Dwukrotnie podczas przedstawienia "Improwizacji wrocławskich" pojawia się wysłannik Majestatu (grany przez Zygmunta Bielawskiego), który raz zgodnie z tekstem Moliera, drugi raz nieoczekiwanie na koniec sekwencji Różewiczowskiej "przywraca życie" sfrustrowanym komediantom, oświadczając, że król w swej łaskawości i zrozumieniu dla trudu artystów daje im szansę kontynuacji pracy nad spektaklem, a dzisiejszego wieczoru zadowoli się byle czym. Przy tym drugim wejściu rolę króla przejmuje publiczność. To my mamy do wyboru: potraktować rzecz z całą bezwzględną surowością lub - uwzględniając niecodzienne okoliczności - okazać wyrozumiałą łaskawość. W stosunku do oczekiwań i realnych możliwości aktorskiego zespołu oraz realizatorów z takimi nazwiskami (Wajda, Zachwatowicz, Radwan) można rzec, że otrzymaliśmy mało. Ale...

Spróbujmy najpierw spojrzeć na "Improwizacje wrocławskie" oczami króla łaskawego i wyrozumiałego. Istnieją sprawdzone przepisy na teatralne "hity", które - nawet nie sięgając artystycznych wyżyn - gwarantują sukces u publiczności. Wystarczyłoby "strzelić" powiedzmy "Krakowiaków i górali", kolorowo, patriotycznie, wesoło, a wszyscy byliby szczęśliwi. Pomiędzy zwykłą inauguracją nowo wybudowanego teatru, a wskrzeszeniem Polskiego jest jednak różnica. W tym drugim przypadku wypadało pogodzić kilka rzeczy, nie koniecznie układających się w harmonijny porządek.

Już z założenia inauguracja w tak ambitnym i wysoko dziś notowanym teatrze nie powinna być banalna. A czasu na jej przygotowanie i próby sceniczne było niewiele. Wajda od dawna nosił się z chęcią realizacji "Improwizacji" Moliera i Giraudoux, a taka okoliczność jak otwarcie odbudowanego teatru wydaje się wyjątkowo sprzyjająca scenicznej dyspucie o powołaniu i społecznych uwarunkowaniach sztuki i artystów. Pomysł dopełnienia tych dysput współczesną refleksją, na dodatek o wrocławskim rodowodzie (Różewicza "Teatr niekonsekwencji"), też jest obiecujący.
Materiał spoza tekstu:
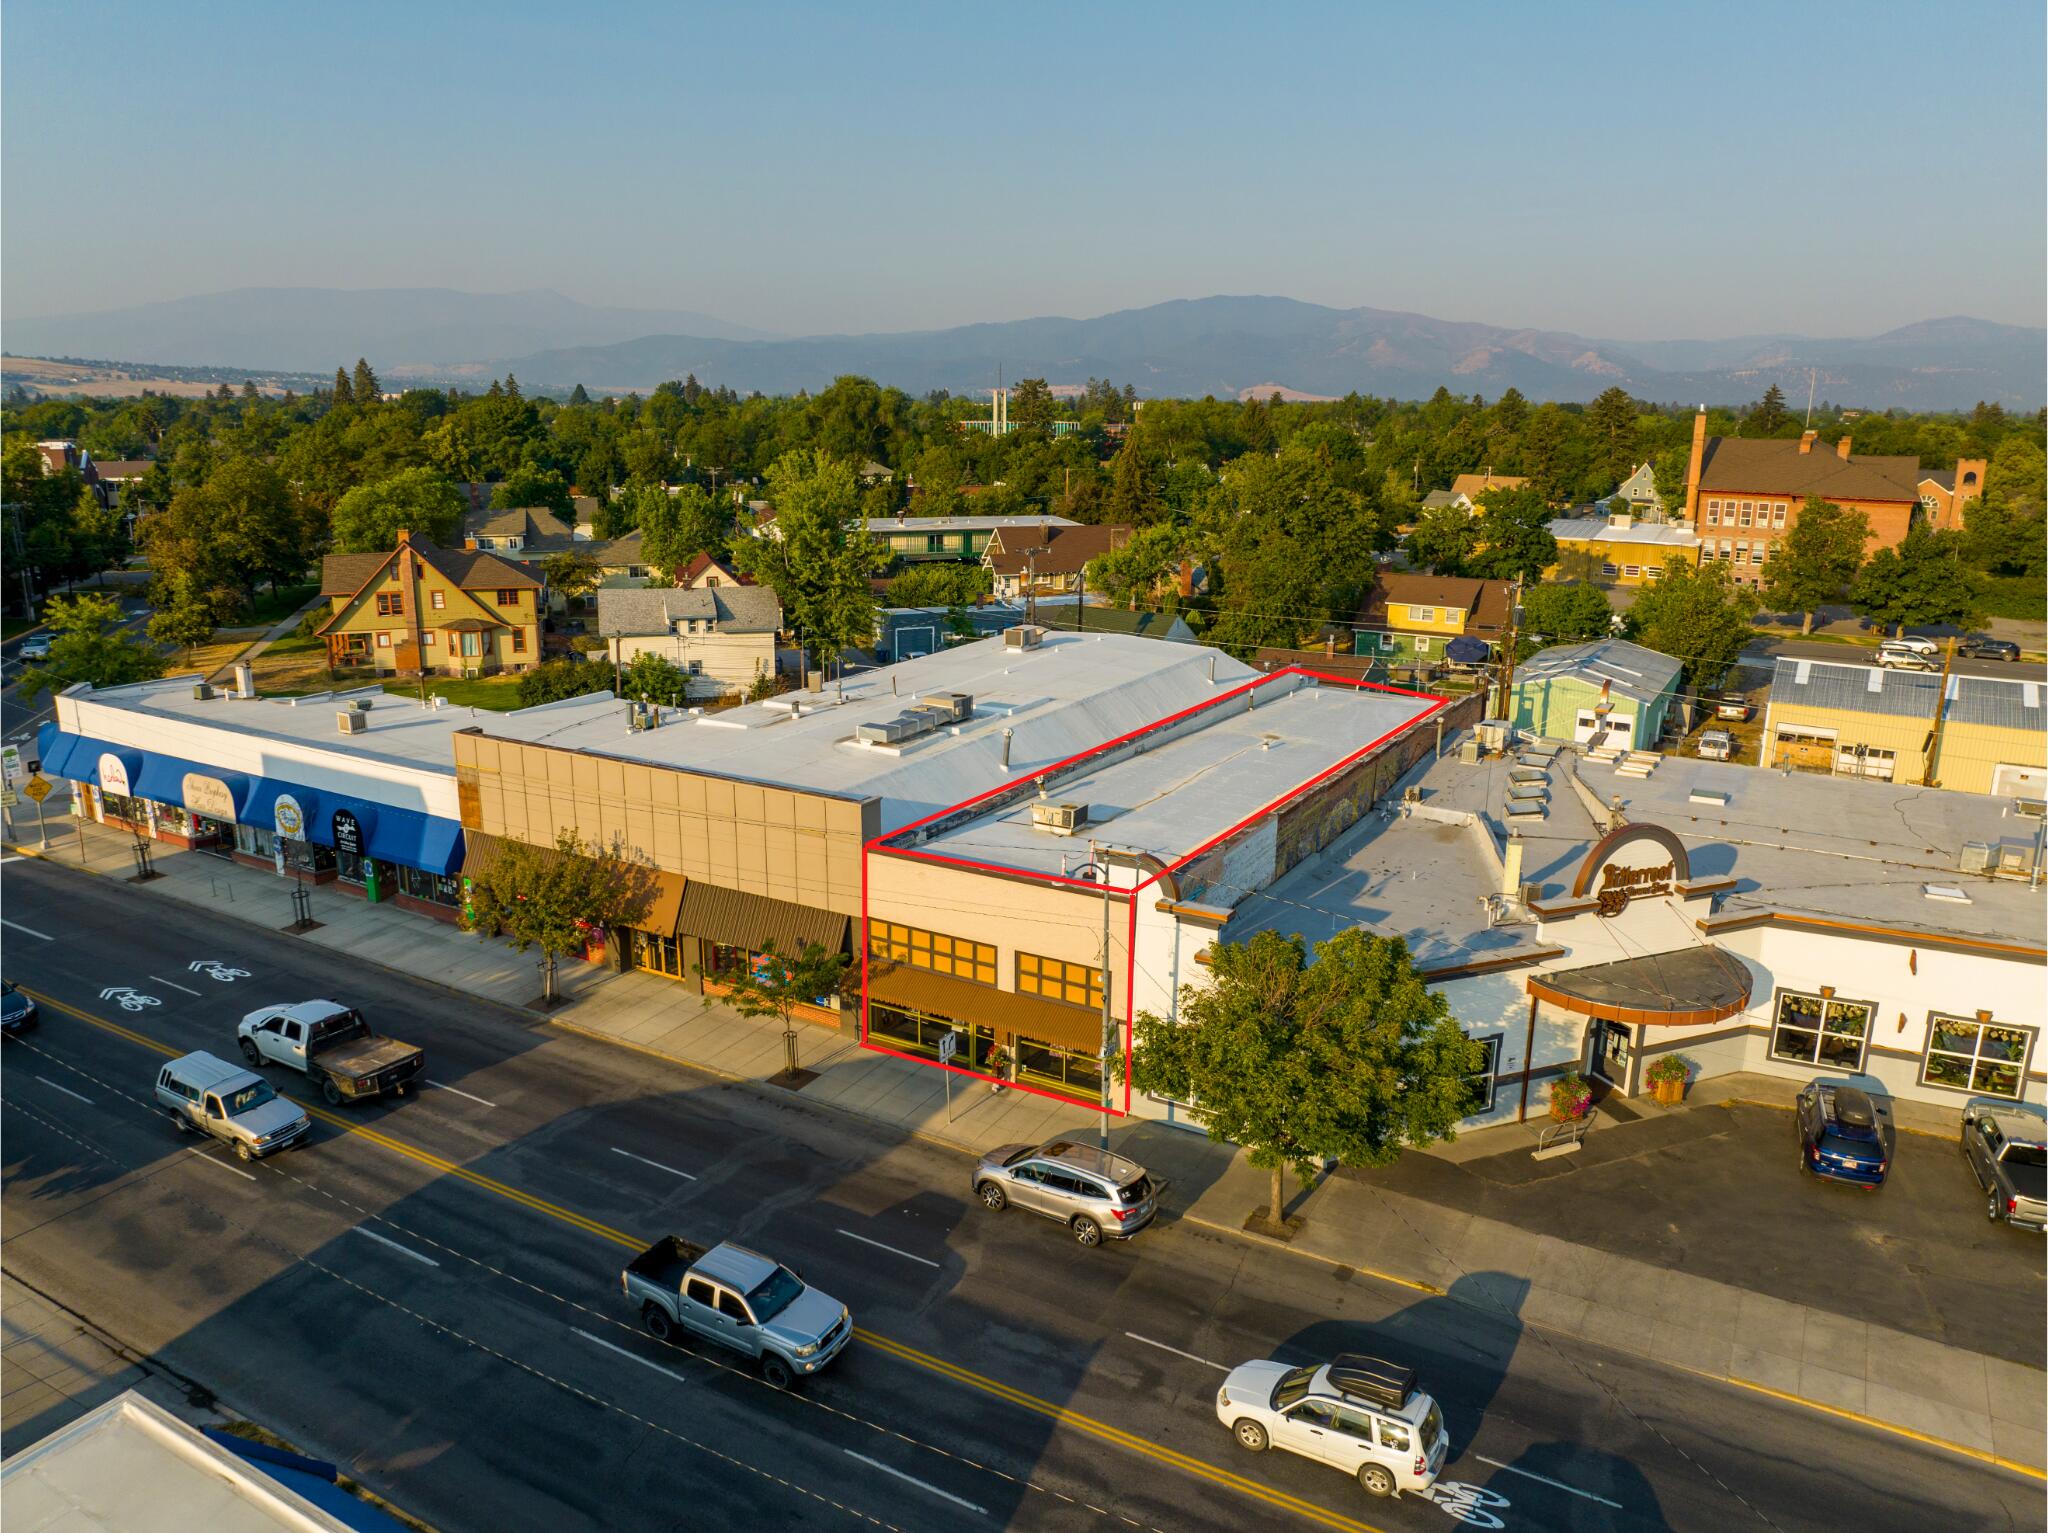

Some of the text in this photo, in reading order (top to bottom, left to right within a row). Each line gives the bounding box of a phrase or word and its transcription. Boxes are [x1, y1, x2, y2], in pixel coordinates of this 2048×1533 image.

[335, 815, 356, 826] WAVE
[337, 831, 357, 842] CIRCUIT
[1601, 860, 1675, 890] Bitterroot
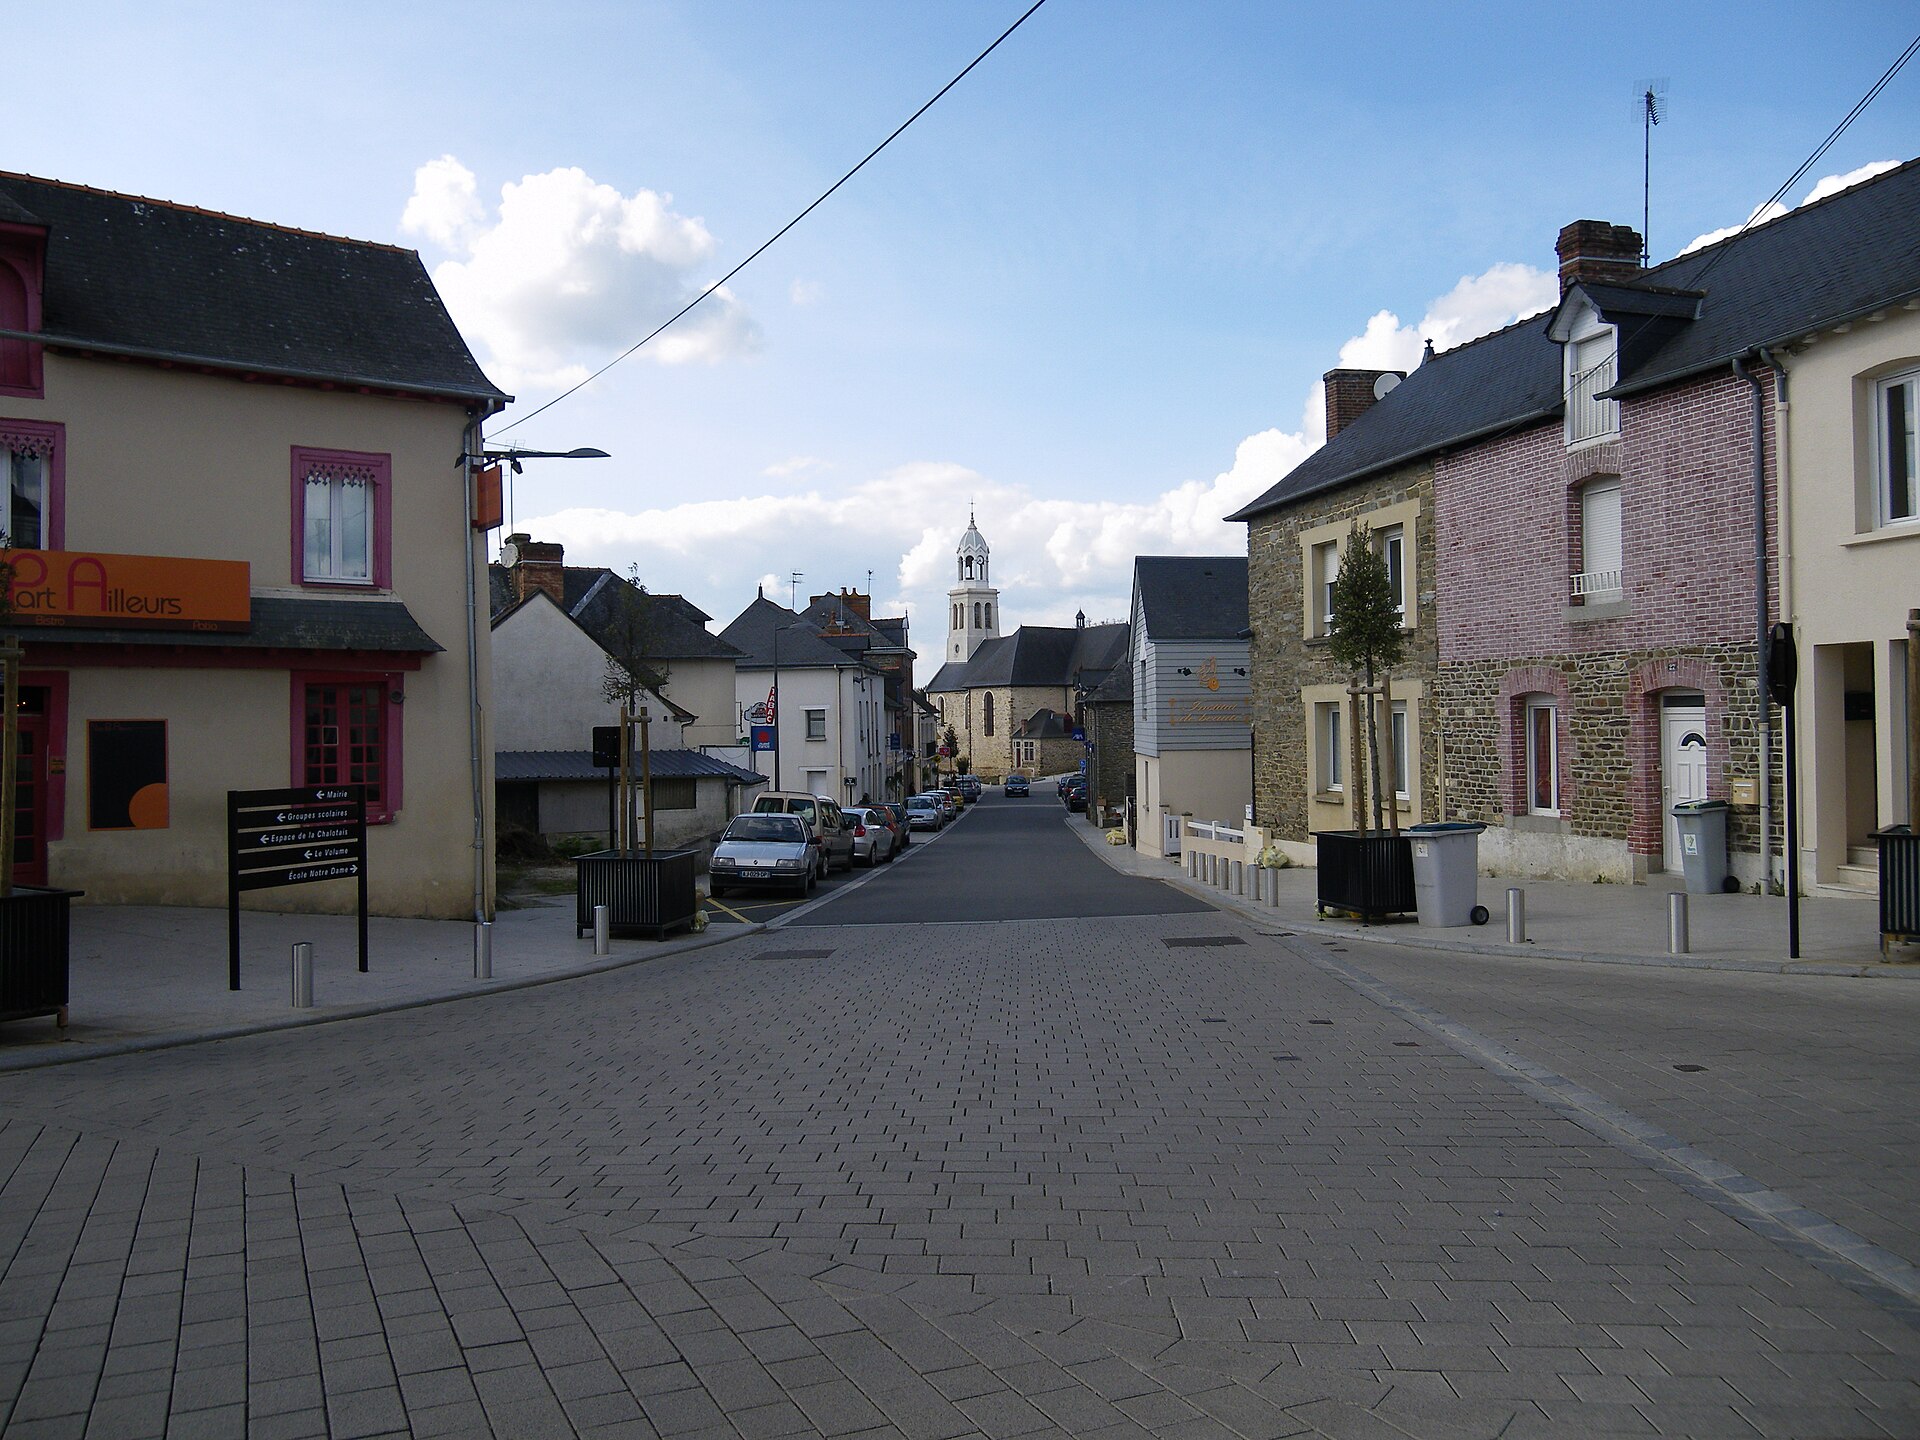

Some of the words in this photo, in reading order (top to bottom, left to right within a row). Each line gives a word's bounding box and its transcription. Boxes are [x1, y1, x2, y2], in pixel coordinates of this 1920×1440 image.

Próba ożywienia i uaktualnienia prawie już teatralnie martwego tworzywa klasyków i jeszcze scalenia go w jedno z miniaturami Różewicza, odwołującymi się do zupełnie innego myślenia i odmiennie nastrojonej wyobraźni, to jednak przedsięwzięcie nieomal szalone. Ale sztuka szaleństwem stoi. W tym przecież wypadku nie mogło być mowy o tym, by ktokolwiek pozwolił np. na przedłużenie prób lub zabranie się w pewnej fazie prac za rzecz od nowa. To musiało być gotowe na 20 maja.

Kolejnym obciążeniem był fakt, że ambicje ambicjami, ale do podstawowych zadań realizatorów w pracy nad przedstawieniem i w jego eksploatacji należało testowanie i "strojenie" nowej przestrzeni i zainstalowanych urządzeń. Wydaje mi się, że akurat to zadanie spektakl spełnia bardziej niż zadowalająco. Można by uznać za przesadę zaangażowanie w to jedno przedstawienie, bez wystarczającego artystycznego uzasadnienia, całego zespołu; niektórzy aktorzy pojawiają się, by powiedzieć jedną kwestię. Ale - gdy się zastanowić - jest to nie tylko forma usatysfakcjonowania zespołu, który dzielnie przetrwał ciężką próbę. To też rodzaj inwestycji na przyszłość. Każdy z aktorów uzyskał możliwość, tak przecież ważnego w codziennej pracy, rozpoznania nowej przestrzeni. Wszakże pomiędzy tymi wszystkimi celami, które spróbowano osiągnąć za jednym zamachem, występują naturalne sprzeczności. Przedsięwzięcie nie zaowocowało więc w pełni. Czy mogło? Przedstawienie jest raczej częścią artystyczną akademii z okazji odbudowy teatru, aniżeli samoistnym wydarzeniem. Kto, pomny tego wszystkiego, przyjdzie obejrzeć "Improwizacje" i ucieszyć się odbudowanym teatrem, nie musi wyjść zawiedziony.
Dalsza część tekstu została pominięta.